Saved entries
================

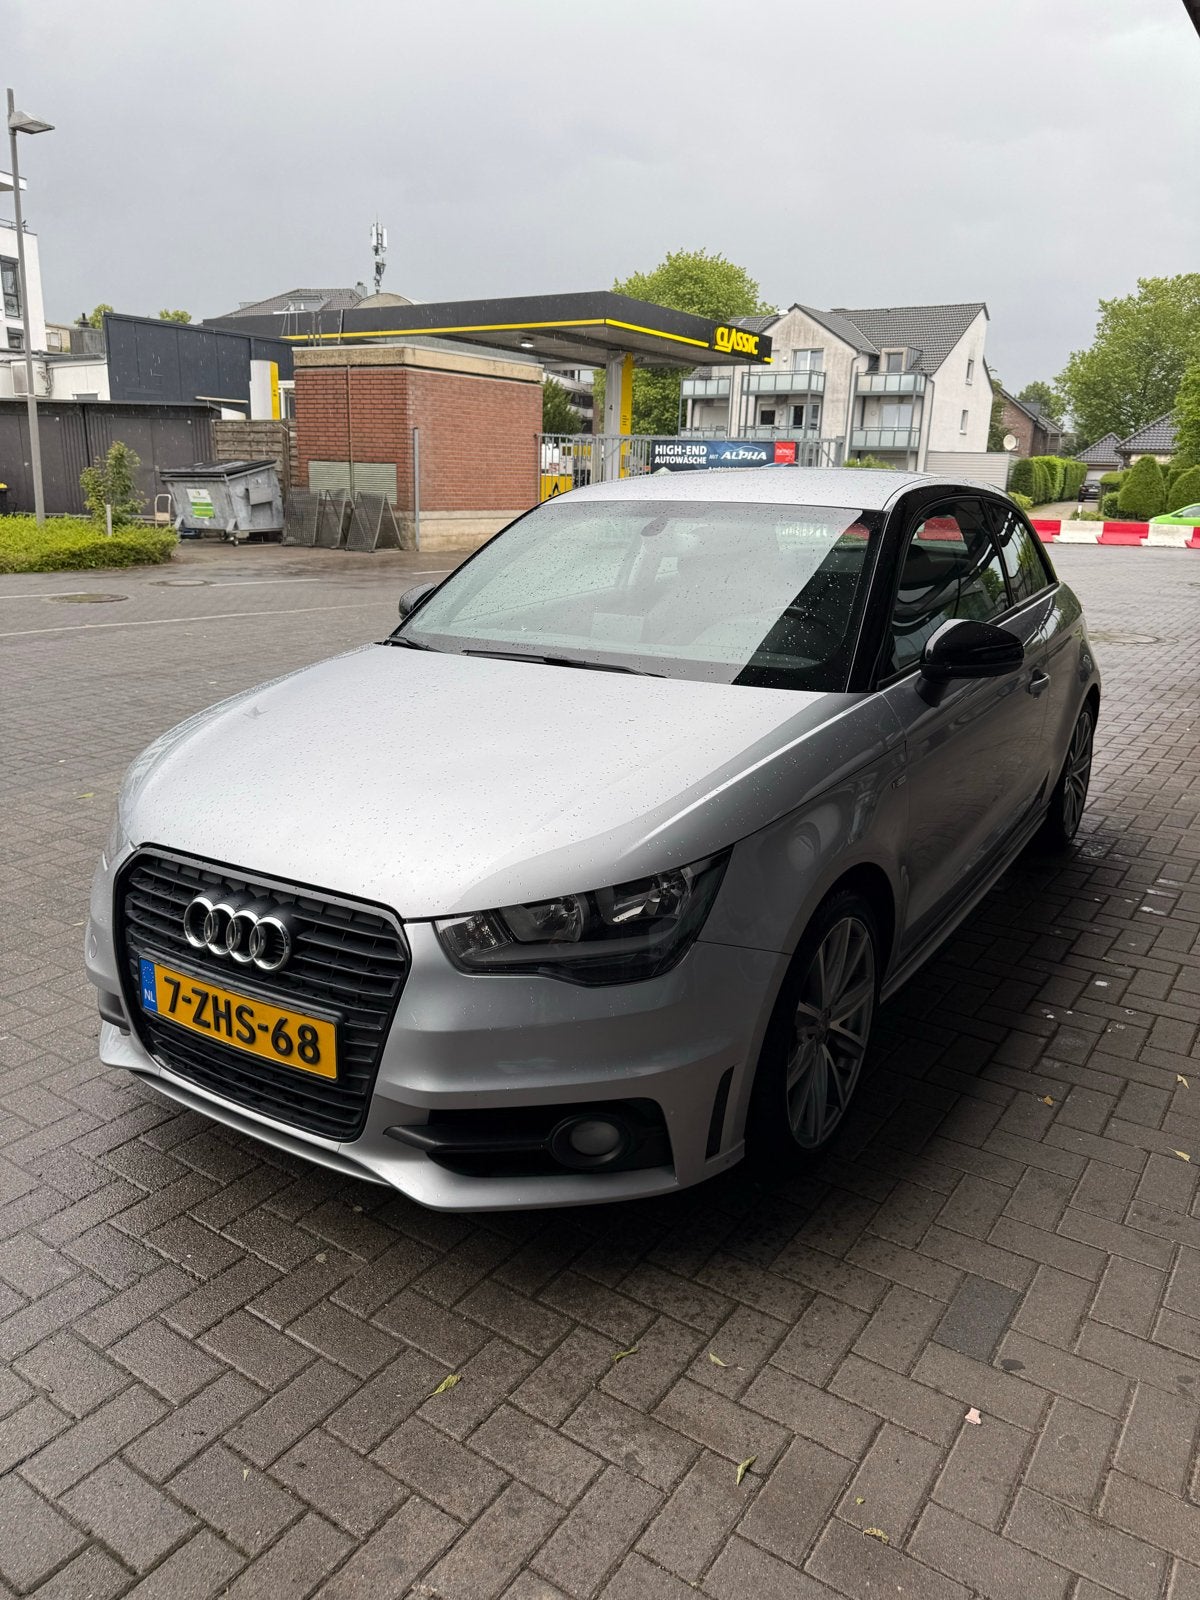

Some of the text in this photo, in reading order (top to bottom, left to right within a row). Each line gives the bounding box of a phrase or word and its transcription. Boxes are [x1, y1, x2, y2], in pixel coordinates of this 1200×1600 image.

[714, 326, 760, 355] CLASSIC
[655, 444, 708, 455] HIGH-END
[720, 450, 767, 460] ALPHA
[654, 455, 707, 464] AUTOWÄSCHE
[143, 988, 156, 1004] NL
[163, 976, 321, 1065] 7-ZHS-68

================

Only the pictures may be dropped; print every record exactly as given.

Some of the text in this photo, in reading order (top to bottom, left to right within a row). Each line gives the bounding box of a phrase or word and its transcription. Boxes are [x1, y1, x2, y2], in pixel coordinates of this 1200×1600 image.

[714, 326, 760, 355] CLASSIC
[655, 444, 708, 455] HIGH-END
[720, 450, 767, 460] ALPHA
[654, 455, 707, 464] AUTOWÄSCHE
[143, 988, 156, 1004] NL
[163, 976, 321, 1065] 7-ZHS-68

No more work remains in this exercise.